Cyber was among the highest-probability, consequential risks she concentrated on. In many cases, hackers are more organised than companies and other organisations the target. She offered boards some practical questions to ask chief technology officers and chief information security officers:

  • How secure are systems, particularly storage, and what is the standard being used to assess this – for example, this might be assessed using the NIST Risk Management Framework
  • Why does the company/organisation hold data? Where is it held? How long is the data held and why? These are critical security considerations and important in meeting the organisation’s privacy obligations and maintaining customer, supplier and other stakeholder’s trust
  • What is the pathway to next generation systems (moving from legacy systems, which are less secure)? What is the risk-adjusted net present value for the investment required to make this change? This needs to take into account the costs to the company/organisation of a cyber-breach, including ransomware, relative to the investment required. Sherry commented: “If you have a seven-year plan you could be gone at that rate” given the inevitability of a cyber-incident and the significant costs involved.

Stakeholder engagement

Cyberattacks were raising the profile of many organisations with stakeholders. Climate change, business practices (notably in banking), concern about the quality of environmental disclosures and practices (“greenwashing”) and concerns about workplace bullying and sexual harassment (alongside wider concerns about workplace health and safety generally) were also driving stakeholders to be more organised and active.

Faced with this situation, directors and their boards need to ensure that they and their organisations:

  • move to more authentic and considered engagement with stakeholders and beyond “cursory engagement”. Australia’s banking Royal Commission, ongoing action by the Australian Securities and Investment Commission and action on bullying and sexual harassment provided insights on this
  • consider the increasing push in Australia, and an increasing trend in New Zealand, toward greater levels of personal director liability.
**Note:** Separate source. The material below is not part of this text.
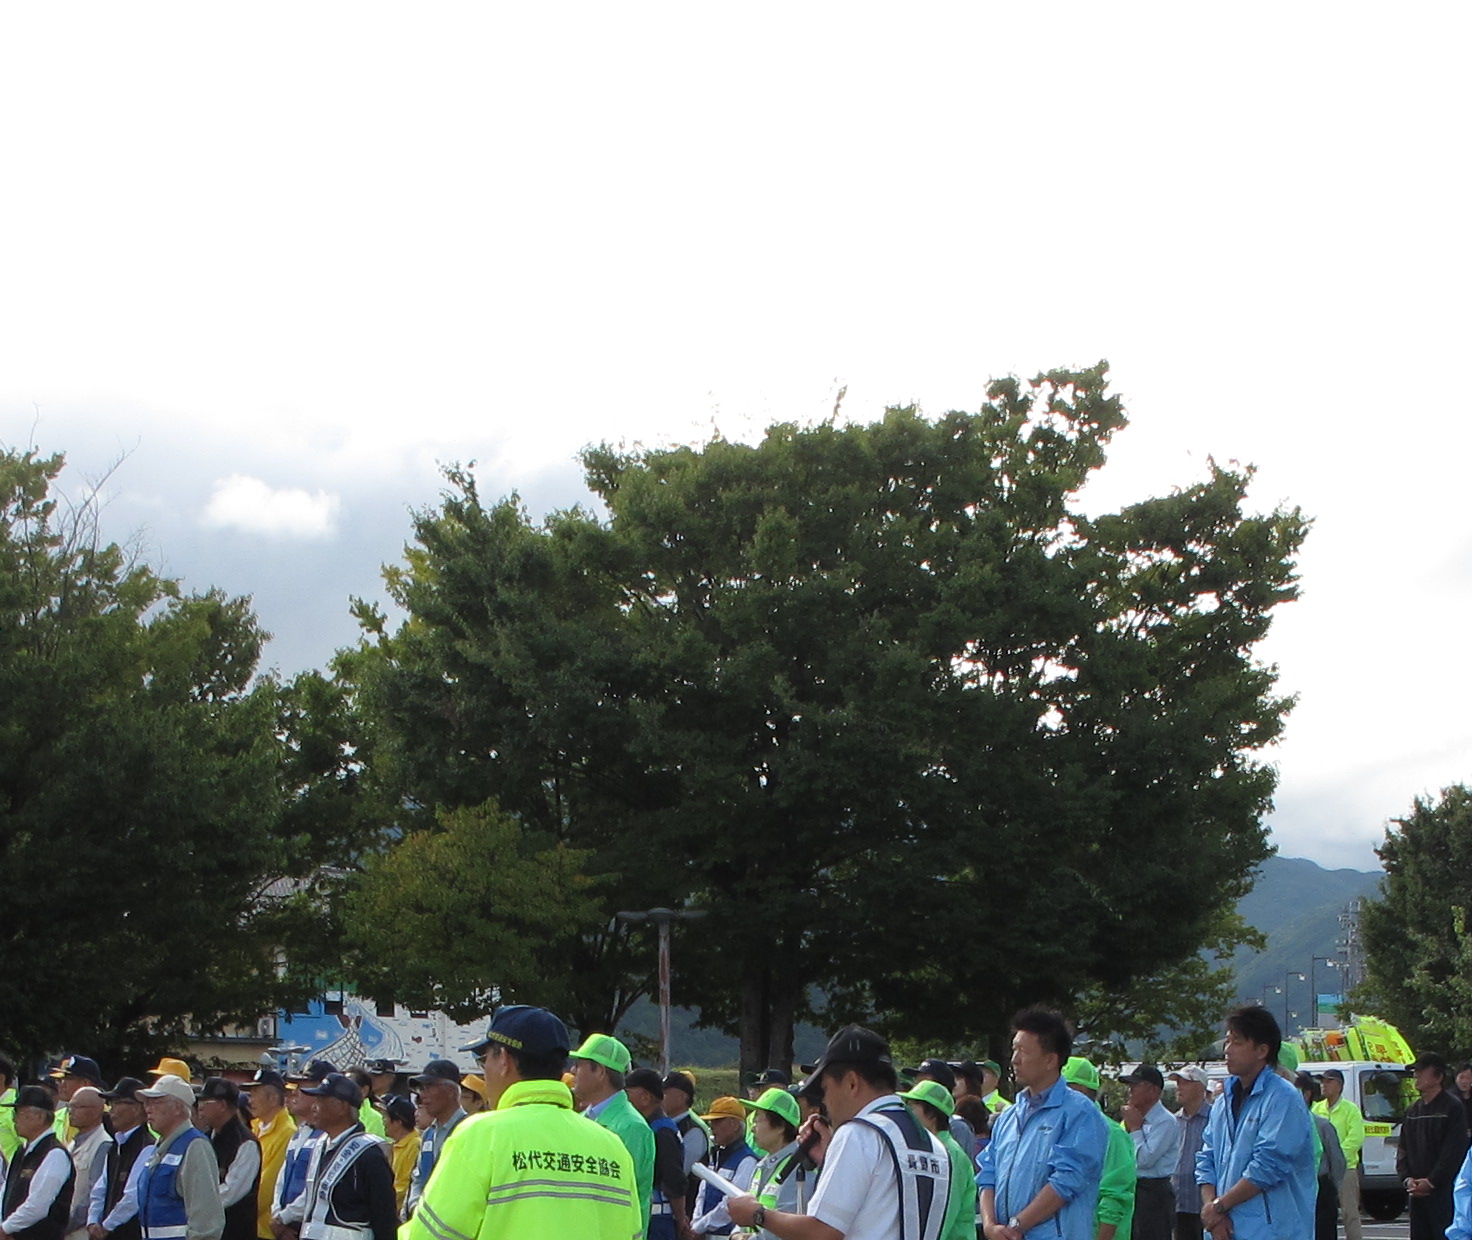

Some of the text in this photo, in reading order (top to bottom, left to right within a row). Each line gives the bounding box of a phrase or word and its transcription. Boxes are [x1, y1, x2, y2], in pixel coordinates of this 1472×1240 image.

[513, 1150, 621, 1179] 松代交通安全協会
In New Zealand, this is often with insufficient understanding of the role directors play in organisations, including through collective governance and board decision making, and a poorly developed sense of how directors and boards are incentivised.

NFPs face the same challenges

Not-for-profit (NFP) boards, including those for universities and in the public sector, are facing the same challenges with complexity as all other boards.
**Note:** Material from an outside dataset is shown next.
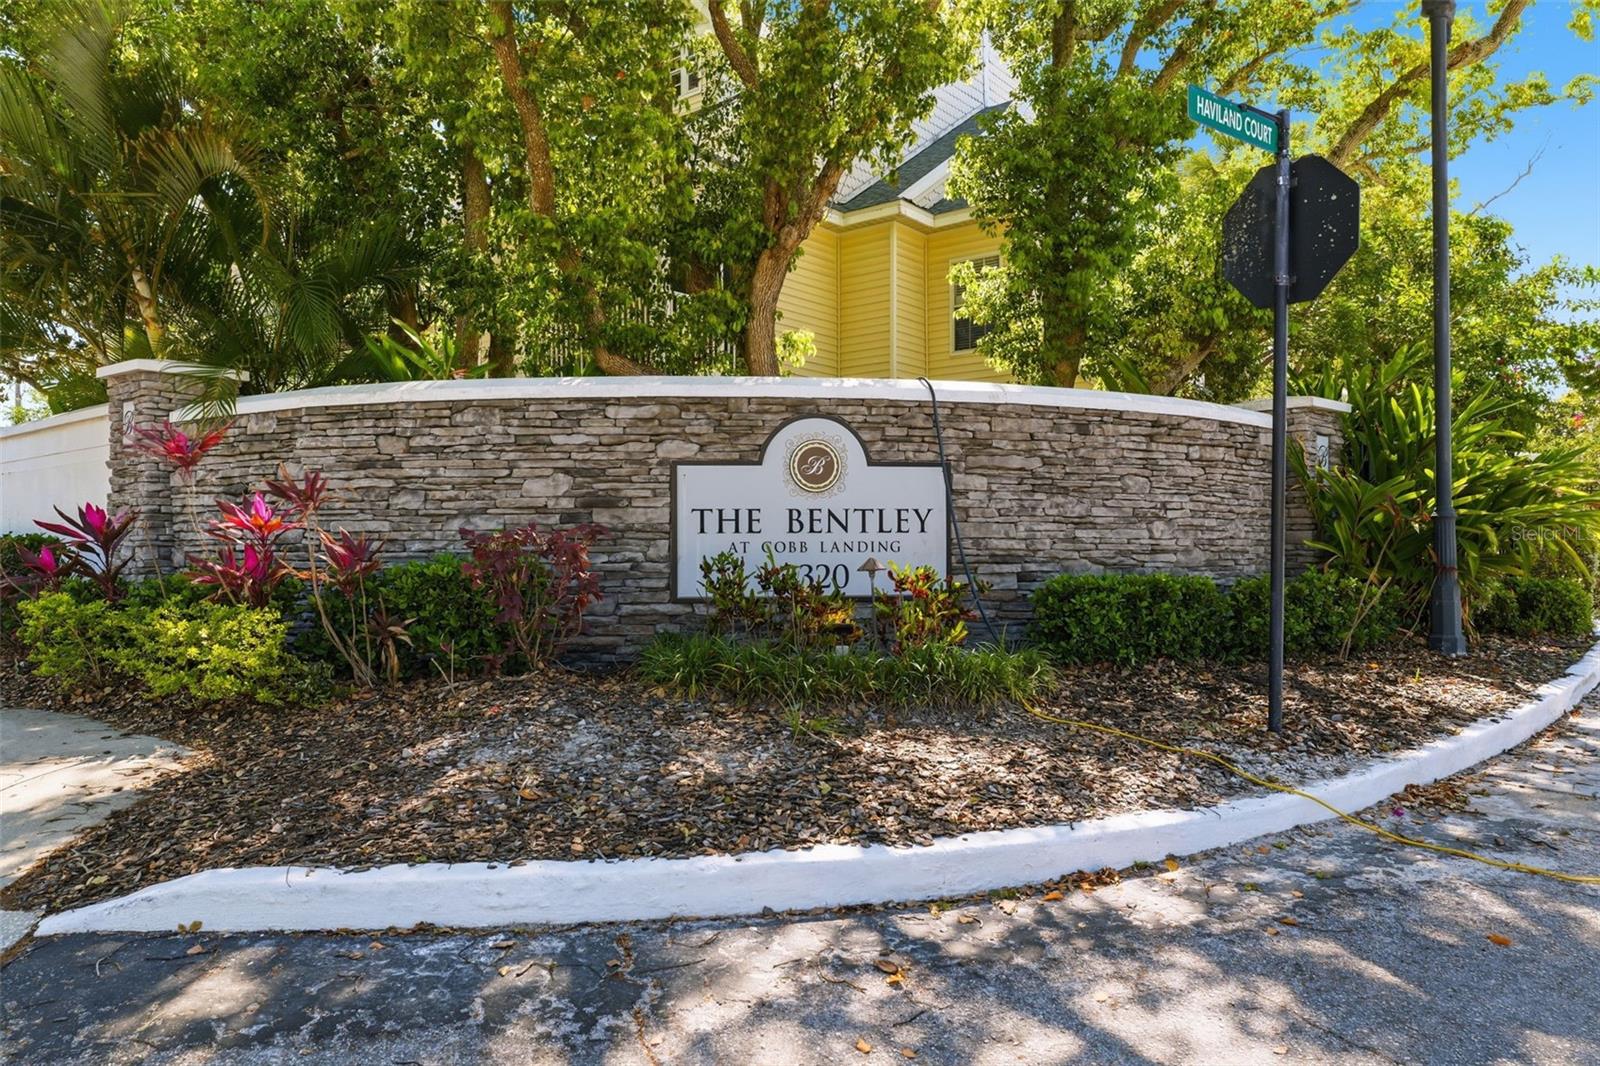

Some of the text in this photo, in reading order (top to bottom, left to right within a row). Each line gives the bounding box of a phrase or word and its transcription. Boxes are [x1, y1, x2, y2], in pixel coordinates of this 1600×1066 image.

[1196, 95, 1273, 145] HAVILAND COURT
[691, 508, 933, 534] THE BENTLEY
[728, 540, 901, 553] AT COBB LANDING
Sherry noted that NFP boards are “not a parking bay for the well intentioned”. In that sense, NFP boards needed to have the same focus on their capability, skill and experience requirements and ongoing learning as the boards of any other organisation, including those in the commercial sector.

Conclusion

While many directors hearing Sherry’s view of the governance future might feel weighed down by the issues and challenges, she concluded that:

  • governance is exciting and challenging
  • all directors and their boards needed to keep on learning, to understand the changing environment and, with an eye on the long-term, continue to support management to solve the range of issues companies and other organisations face
  • ongoing “re-education” for everyone –staff, management and boards – is required to adapt to new situations and meet the challenges head on, and to take the opportunities these challenges create.